* Task to complete *
Word for word, repeat all the entries below, but without the pictures.

BEGIN Source material

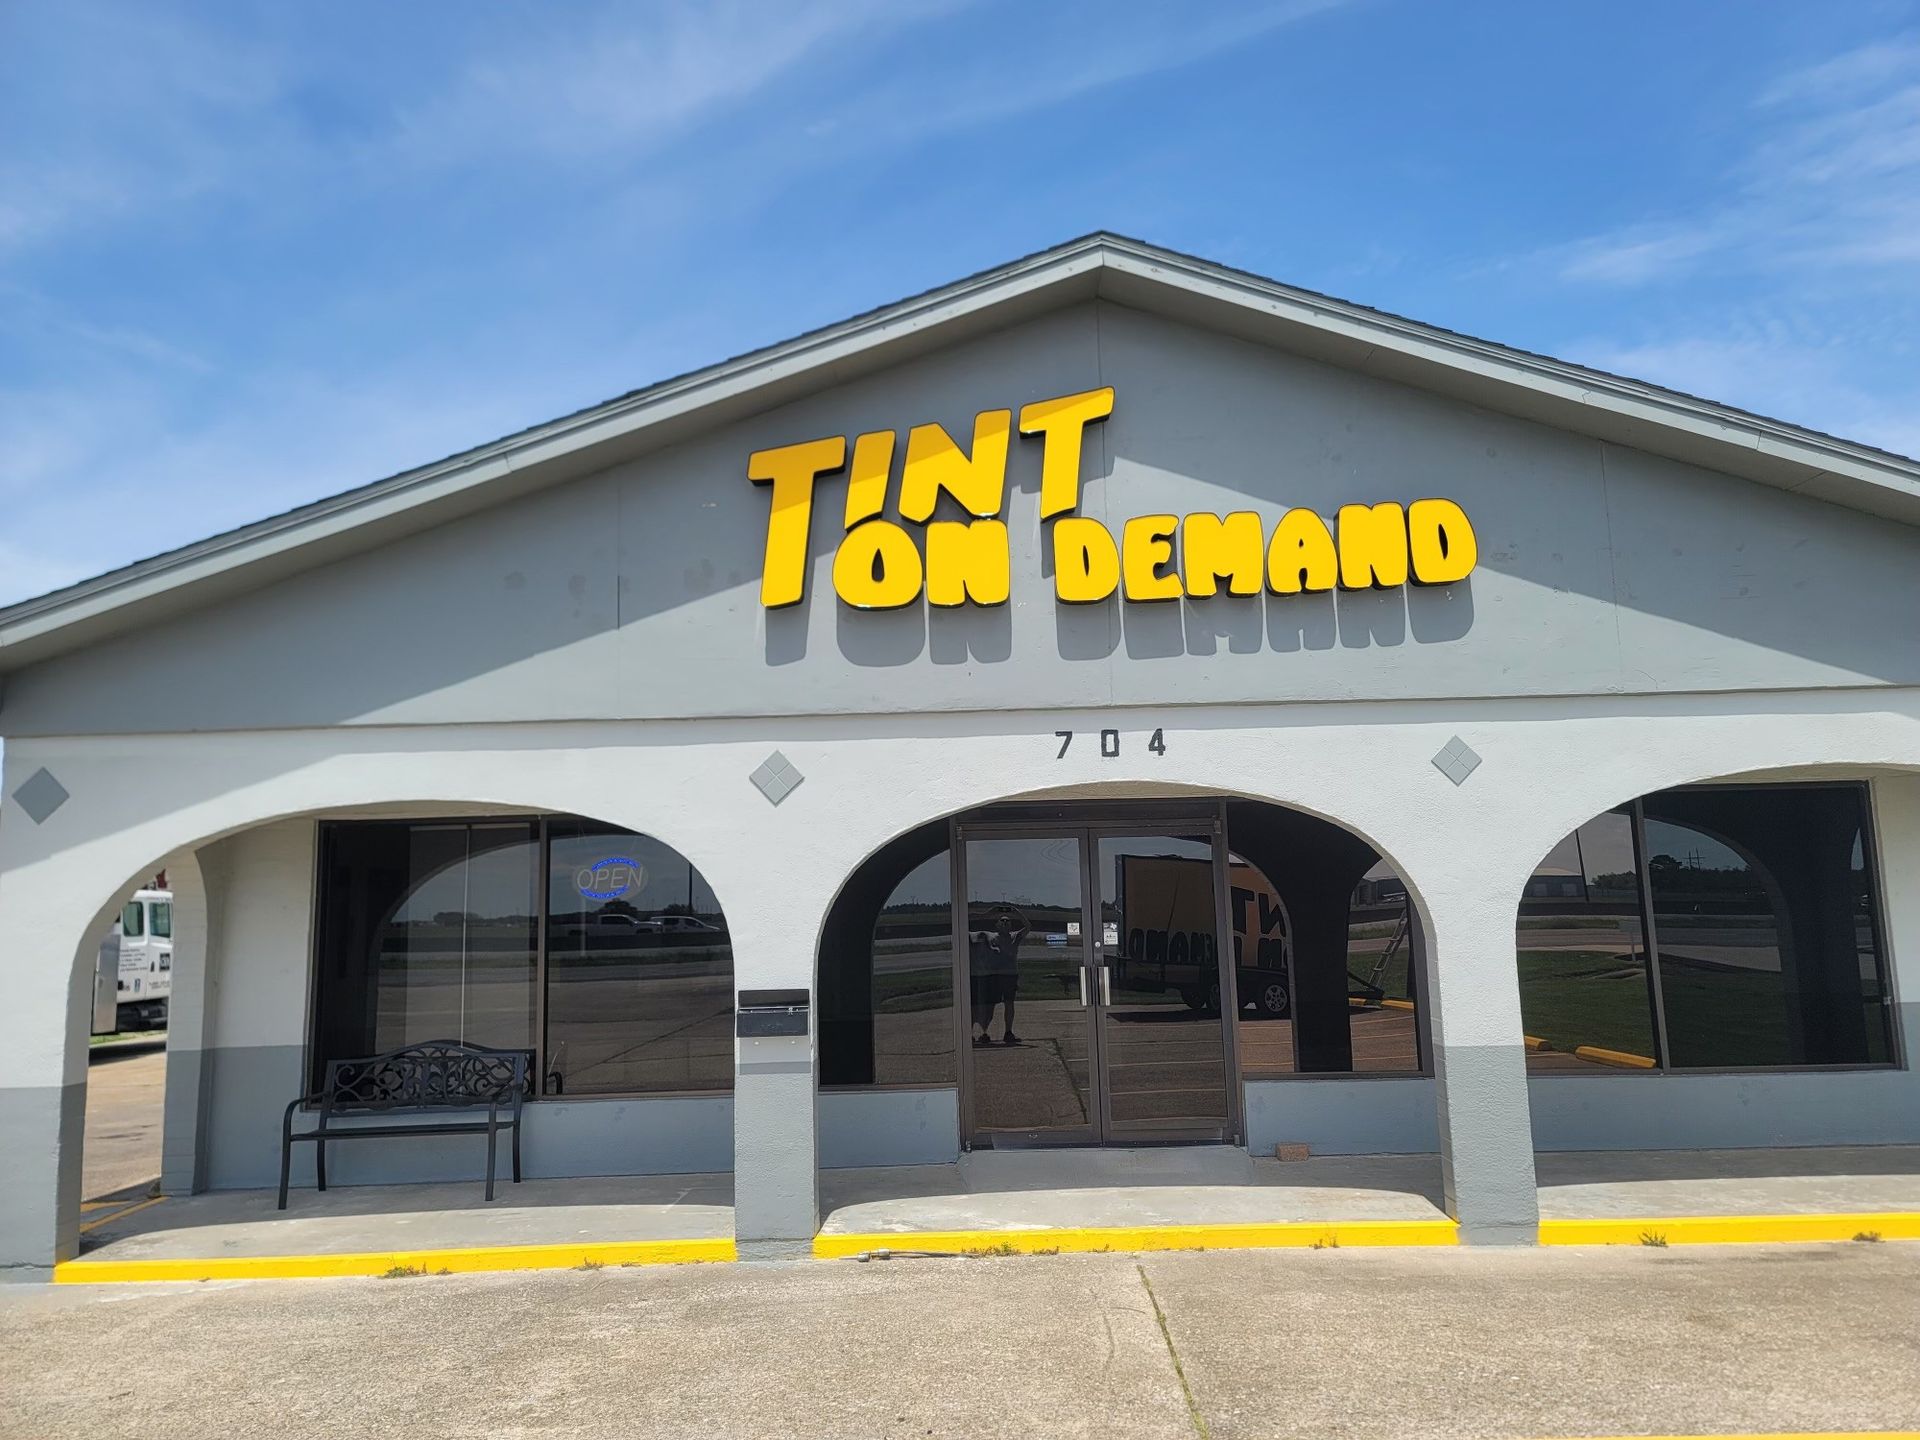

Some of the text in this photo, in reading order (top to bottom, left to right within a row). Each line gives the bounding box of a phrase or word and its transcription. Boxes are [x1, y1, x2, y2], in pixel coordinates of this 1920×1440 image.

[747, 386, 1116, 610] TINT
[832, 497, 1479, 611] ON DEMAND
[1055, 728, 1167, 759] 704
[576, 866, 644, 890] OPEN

END Source material

* Answer box *
Some of the text in this photo, in reading order (top to bottom, left to right within a row). Each line gives the bounding box of a phrase or word and its transcription. Boxes are [x1, y1, x2, y2], in pixel coordinates of this 1920×1440 image.

[747, 386, 1116, 610] TINT
[832, 497, 1479, 611] ON DEMAND
[1055, 728, 1167, 759] 704
[576, 866, 644, 890] OPEN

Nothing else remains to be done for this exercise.